# Exercise
Omitting all images, set down every line below exactly as it appears.
Top of Supplied data
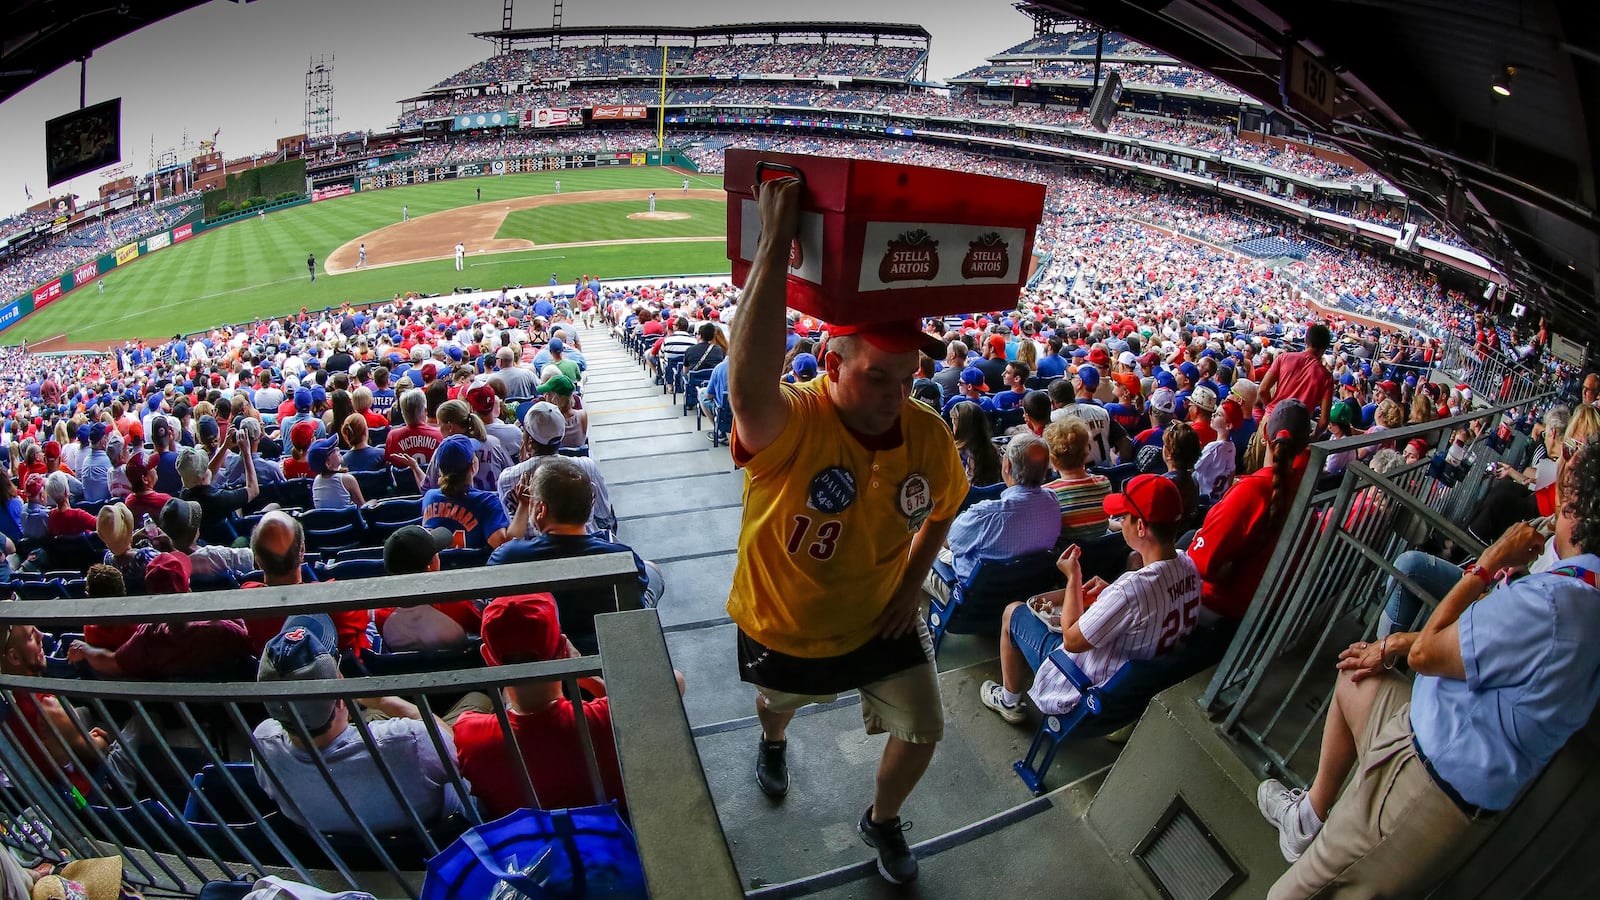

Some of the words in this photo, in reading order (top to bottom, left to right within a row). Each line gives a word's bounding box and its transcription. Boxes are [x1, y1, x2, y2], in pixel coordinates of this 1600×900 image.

[1303, 60, 1327, 105] 130
[893, 251, 930, 262] STELLA
[973, 251, 1002, 261] STELLA
[75, 264, 97, 284] xfinity
[890, 262, 929, 274] ARTOIS
[970, 262, 1001, 271] ARTOIS
[398, 435, 437, 451] VICTORINO
[786, 514, 843, 561] 13
[1193, 536, 1205, 551] P
[1167, 574, 1197, 603] THOME
[1157, 596, 1200, 656] 25
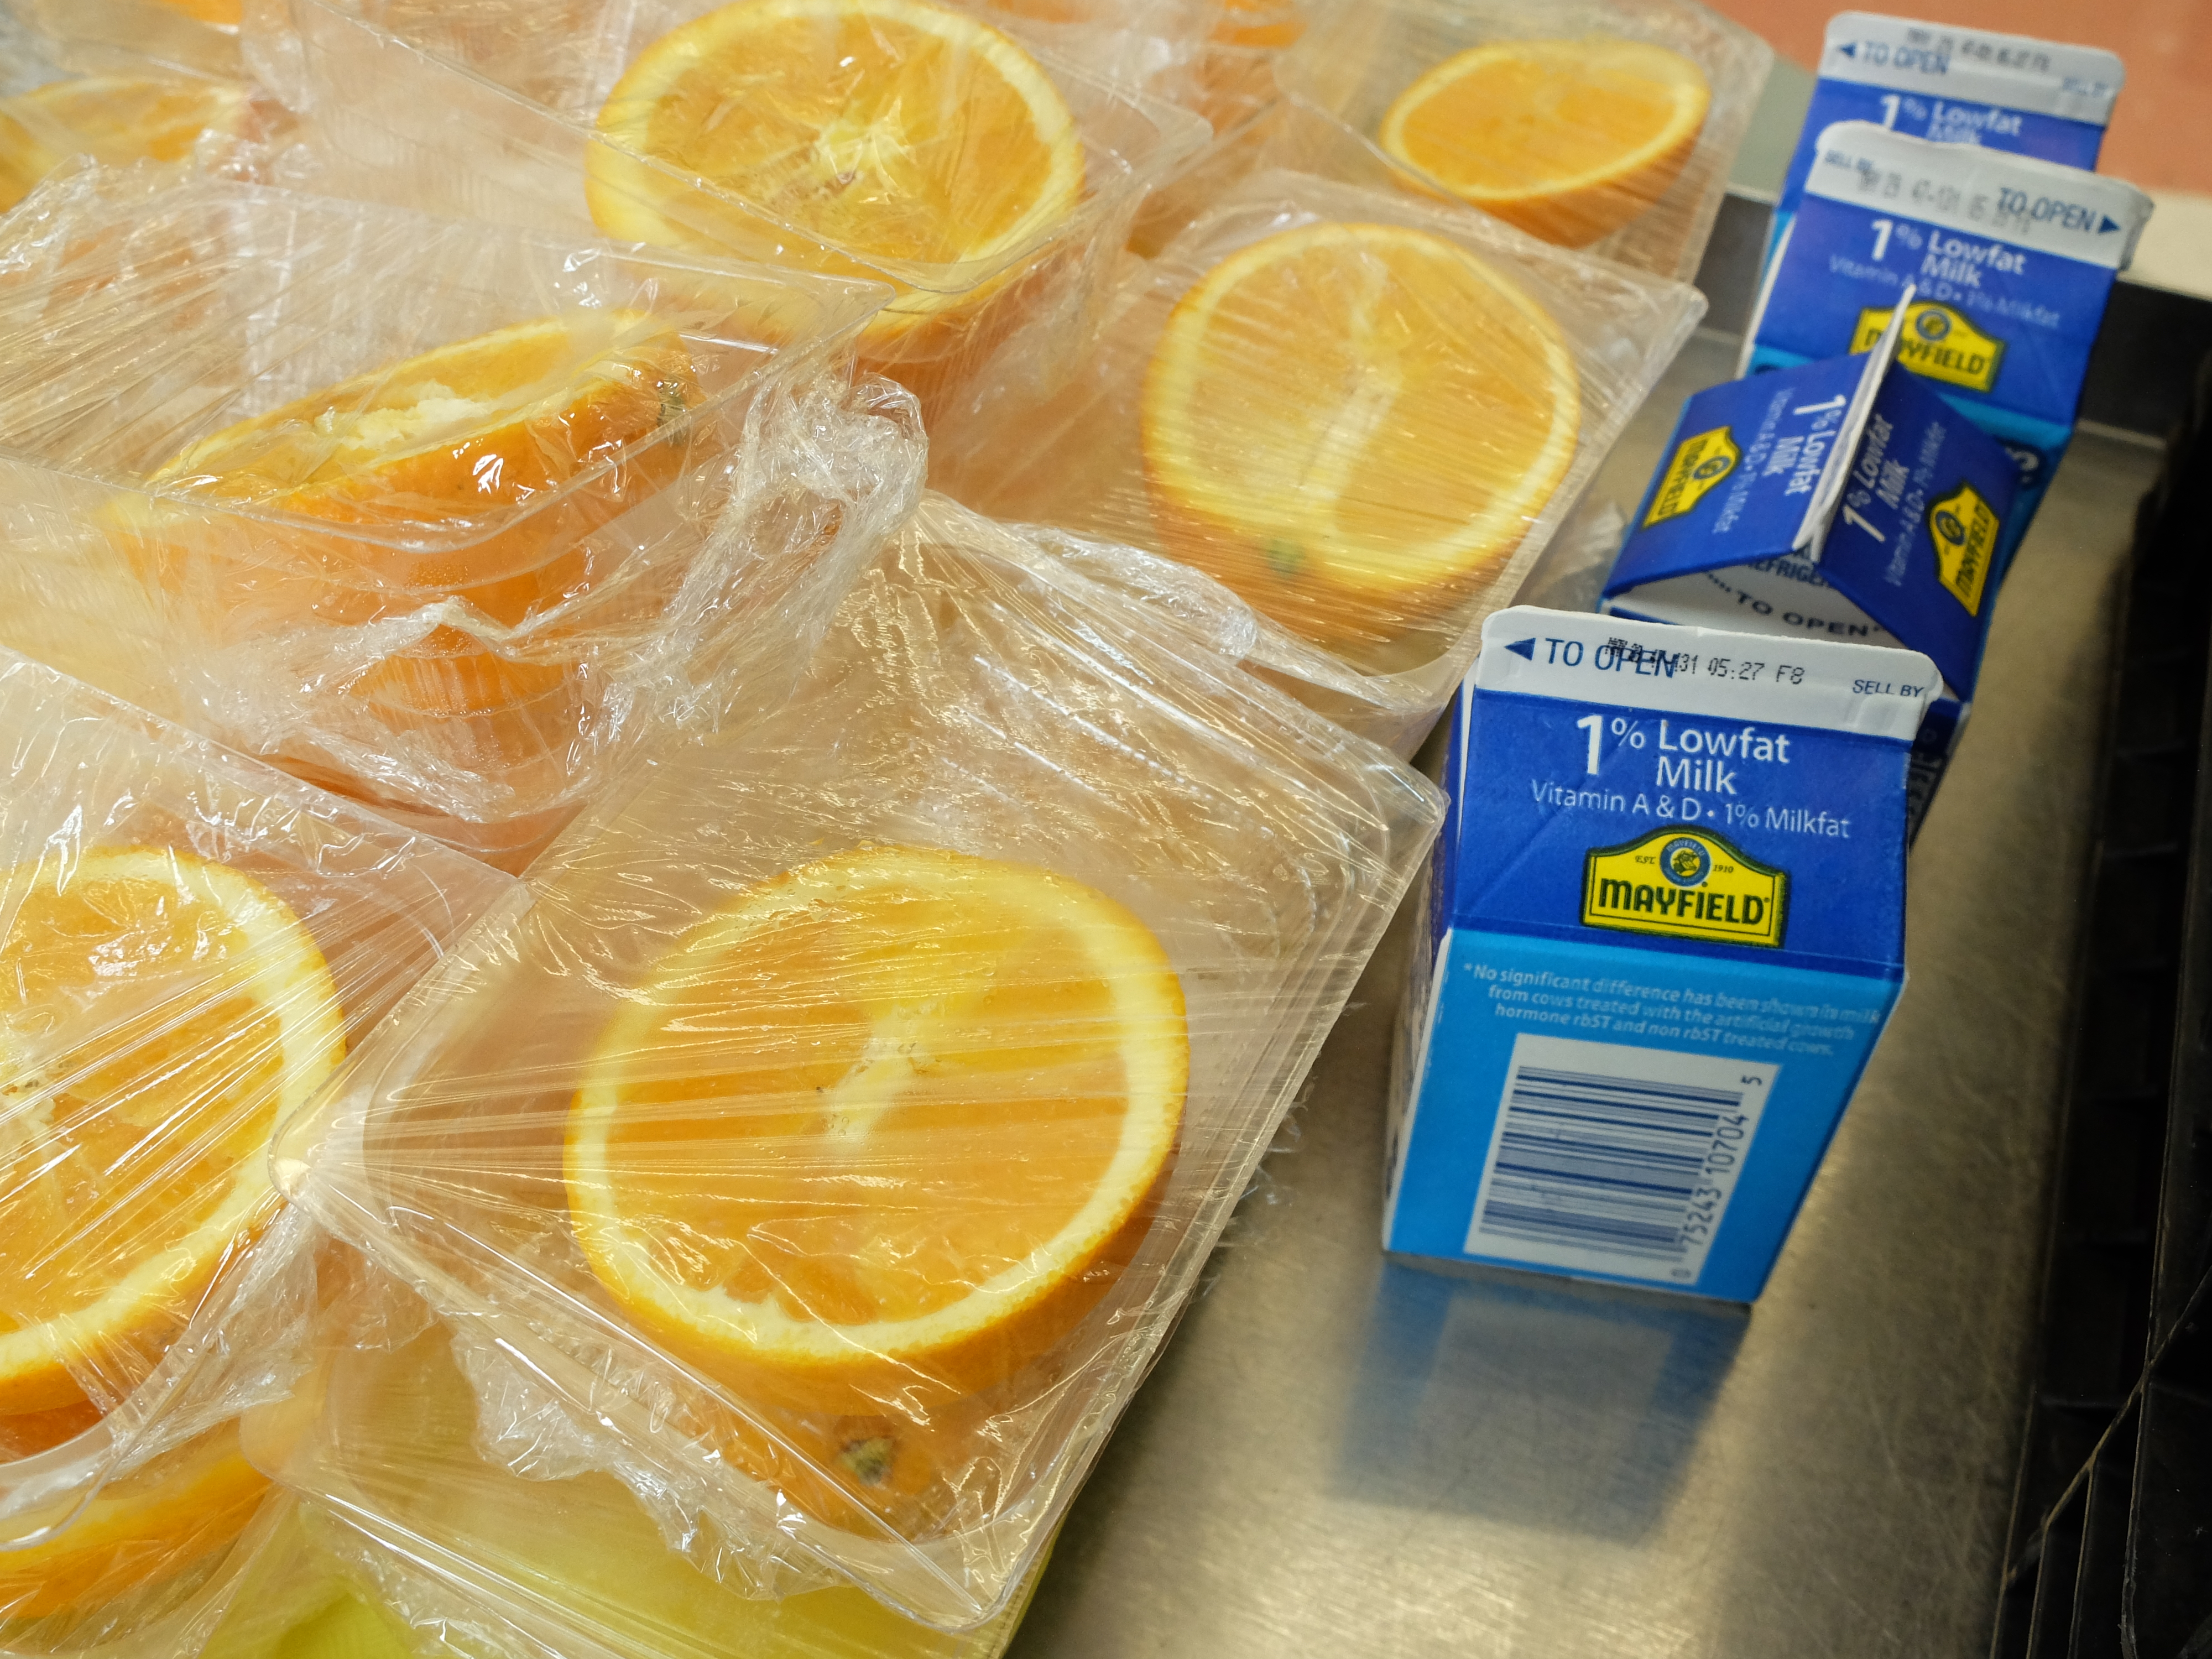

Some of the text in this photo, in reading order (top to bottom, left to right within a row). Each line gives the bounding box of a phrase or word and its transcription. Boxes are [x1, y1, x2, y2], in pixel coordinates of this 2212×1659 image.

[1864, 40, 1890, 66] TO
[1893, 46, 1952, 75] OPEN
[1931, 100, 2022, 137] Lowfat
[1997, 187, 2028, 214] TO
[2031, 196, 2097, 231] OPEN
[1871, 219, 2027, 275] 1% Lowfat
[1920, 253, 1983, 288] Milk
[1864, 327, 1985, 375] MYFIELD
[1761, 435, 1805, 477] Milk
[1784, 394, 1846, 497] 1% Lowfat
[1658, 439, 1708, 517] MAYFIELD
[1842, 413, 1893, 543] 1% Lowfat
[1875, 459, 1910, 510] Milk
[1955, 503, 1990, 598] MAYFIELD
[1738, 589, 1869, 637] TO OPEN
[1545, 637, 1584, 667] TO
[1594, 644, 1681, 679] OPEN
[1707, 656, 1765, 681] 05:27
[1775, 664, 1806, 685] F8
[1852, 679, 1925, 697] SELL BY
[1576, 714, 1791, 775] 1% Lowfat
[1656, 755, 1738, 795] Milk
[1531, 778, 1851, 839] Vitamin A & D 1% Milkfat
[1713, 864, 1734, 874] 1910
[1598, 877, 1765, 926] MAYFIELD
[1488, 984, 1854, 1041] from cows treated with the artificial growth
[1500, 968, 1591, 992] significant
[1592, 978, 1681, 1003] difference
[1683, 988, 1713, 1006] has
[1715, 992, 1760, 1010] been
[1760, 998, 1819, 1018] shown
[1820, 1003, 1839, 1020] in
[1839, 1007, 1881, 1024] milk
[1495, 1003, 1571, 1025] hormone
[1573, 1012, 1613, 1029] rbST
[1613, 1020, 1648, 1035] and
[1648, 1022, 1681, 1038] non
[1683, 1027, 1723, 1042] rbST
[1723, 1031, 1790, 1050] treated
[1740, 1074, 1763, 1087] 5
Bottom of Supplied data
# Answer to the exercise
Some of the words in this photo, in reading order (top to bottom, left to right within a row). Each line gives a word's bounding box and its transcription. Boxes are [x1, y1, x2, y2], in pixel coordinates of this 1600×900 image.

[1303, 60, 1327, 105] 130
[893, 251, 930, 262] STELLA
[973, 251, 1002, 261] STELLA
[75, 264, 97, 284] xfinity
[890, 262, 929, 274] ARTOIS
[970, 262, 1001, 271] ARTOIS
[398, 435, 437, 451] VICTORINO
[786, 514, 843, 561] 13
[1193, 536, 1205, 551] P
[1167, 574, 1197, 603] THOME
[1157, 596, 1200, 656] 25

Some of the text in this photo, in reading order (top to bottom, left to right within a row). Each line gives the bounding box of a phrase or word and its transcription. Boxes are [x1, y1, x2, y2], in pixel coordinates of this 2212×1659 image.

[1864, 40, 1890, 66] TO
[1893, 46, 1952, 75] OPEN
[1931, 100, 2022, 137] Lowfat
[1997, 187, 2028, 214] TO
[2031, 196, 2097, 231] OPEN
[1871, 219, 2027, 275] 1% Lowfat
[1920, 253, 1983, 288] Milk
[1864, 327, 1985, 375] MYFIELD
[1761, 435, 1805, 477] Milk
[1784, 394, 1846, 497] 1% Lowfat
[1658, 439, 1708, 517] MAYFIELD
[1842, 413, 1893, 543] 1% Lowfat
[1875, 459, 1910, 510] Milk
[1955, 503, 1990, 598] MAYFIELD
[1738, 589, 1869, 637] TO OPEN
[1545, 637, 1584, 667] TO
[1594, 644, 1681, 679] OPEN
[1707, 656, 1765, 681] 05:27
[1775, 664, 1806, 685] F8
[1852, 679, 1925, 697] SELL BY
[1576, 714, 1791, 775] 1% Lowfat
[1656, 755, 1738, 795] Milk
[1531, 778, 1851, 839] Vitamin A & D 1% Milkfat
[1713, 864, 1734, 874] 1910
[1598, 877, 1765, 926] MAYFIELD
[1488, 984, 1854, 1041] from cows treated with the artificial growth
[1500, 968, 1591, 992] significant
[1592, 978, 1681, 1003] difference
[1683, 988, 1713, 1006] has
[1715, 992, 1760, 1010] been
[1760, 998, 1819, 1018] shown
[1820, 1003, 1839, 1020] in
[1839, 1007, 1881, 1024] milk
[1495, 1003, 1571, 1025] hormone
[1573, 1012, 1613, 1029] rbST
[1613, 1020, 1648, 1035] and
[1648, 1022, 1681, 1038] non
[1683, 1027, 1723, 1042] rbST
[1723, 1031, 1790, 1050] treated
[1740, 1074, 1763, 1087] 5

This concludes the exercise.